Spatial localization data:

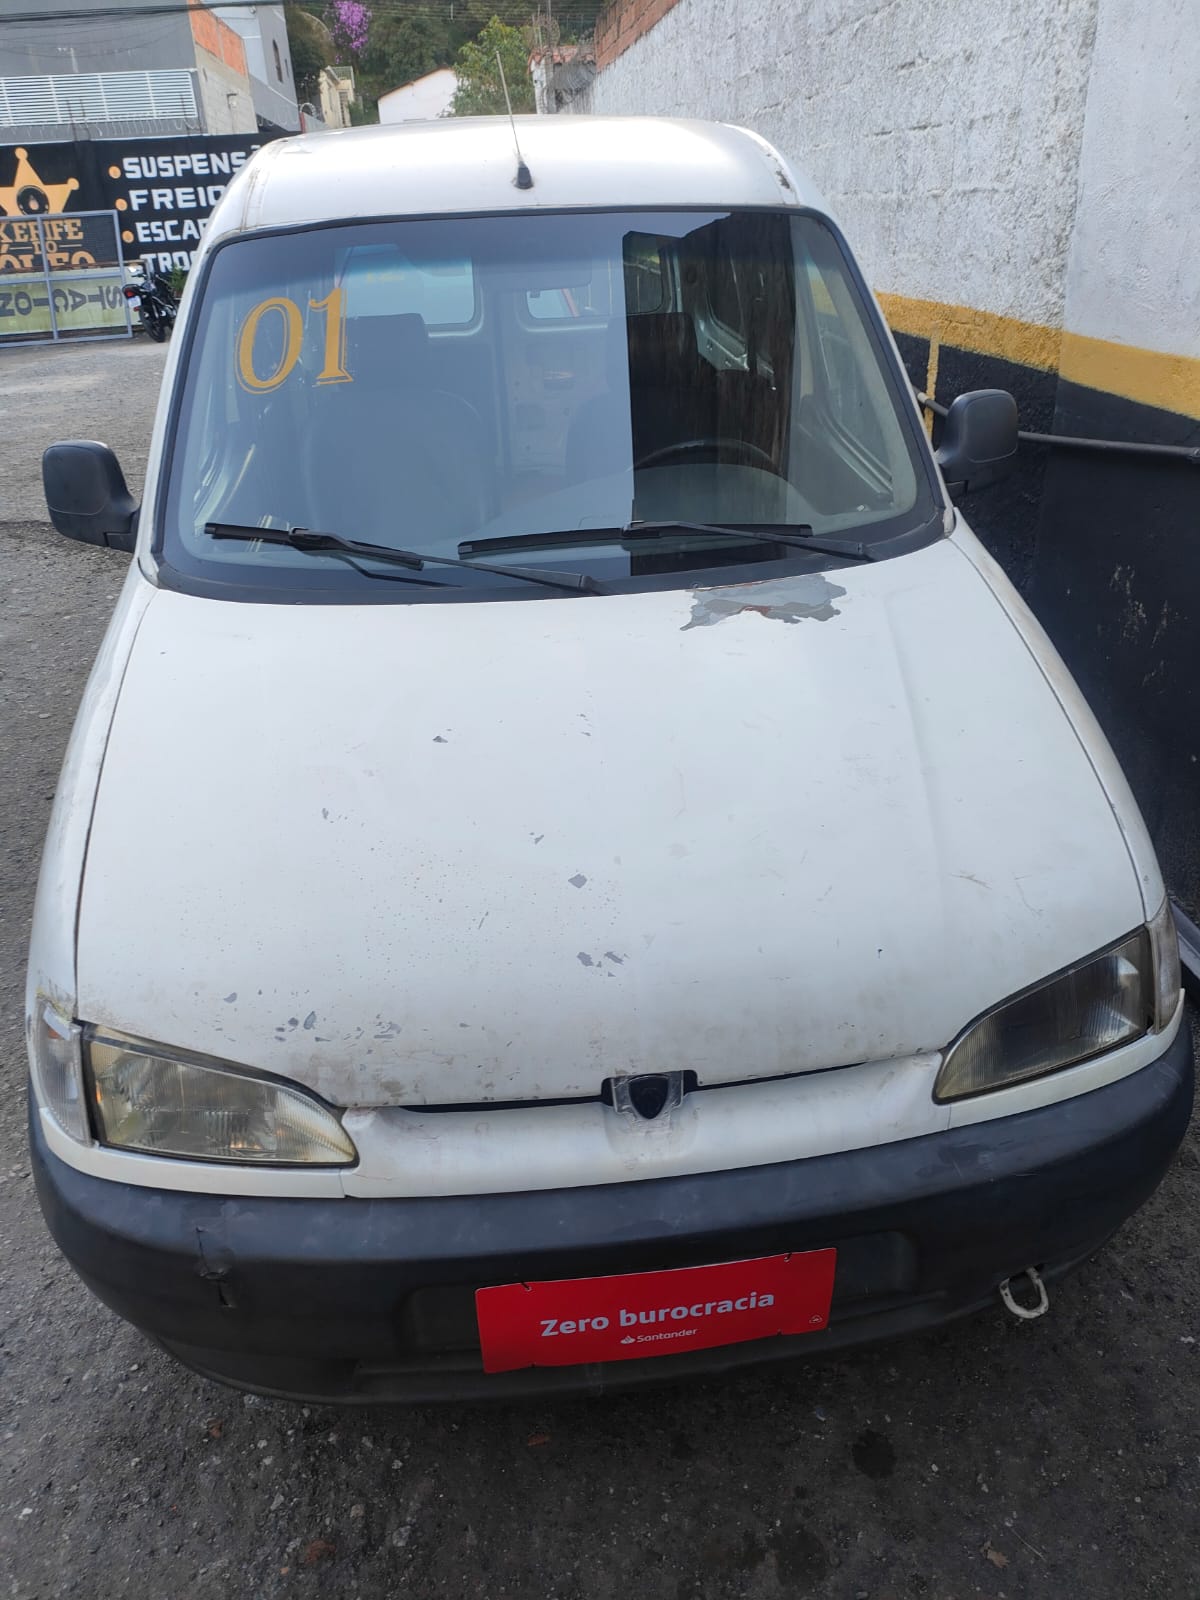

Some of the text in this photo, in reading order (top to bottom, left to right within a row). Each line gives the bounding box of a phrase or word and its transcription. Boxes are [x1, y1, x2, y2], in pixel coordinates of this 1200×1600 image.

[122, 146, 260, 179] SUSPENS
[235, 287, 353, 394] 01
[540, 1291, 775, 1337] Zero burocracia
[637, 1328, 698, 1343] Santander
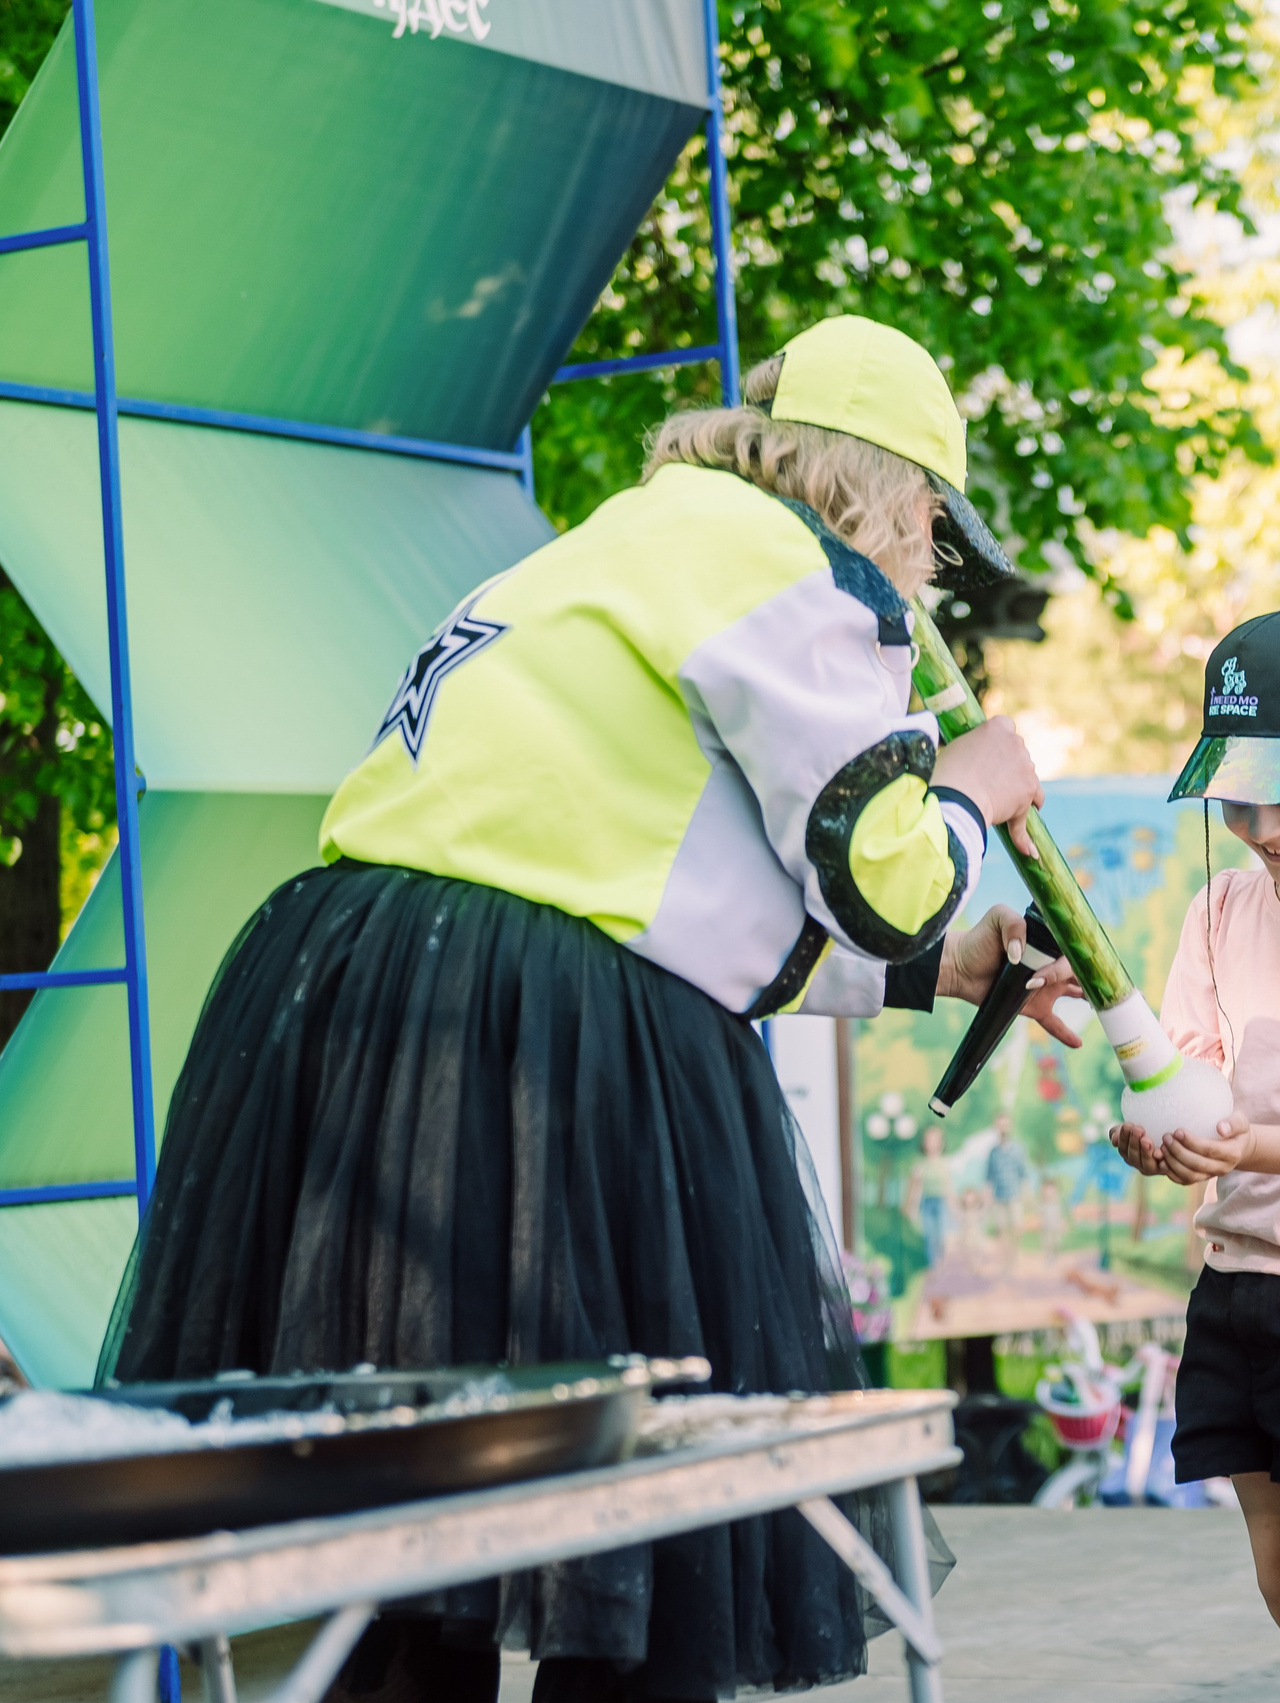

Work item
Would you copy out the data exactly, leaving every picture out?

Solution
Some of the text in this photo, in reading order (top to bottom, left to right within a row). Each line gives the bounding box of a phrase or word and its transcription. Boxes are [x1, y1, x2, y2], in pixel coordinates of this 1200×1600 image.

[122, 146, 260, 179] SUSPENS
[235, 287, 353, 394] 01
[540, 1291, 775, 1337] Zero burocracia
[637, 1328, 698, 1343] Santander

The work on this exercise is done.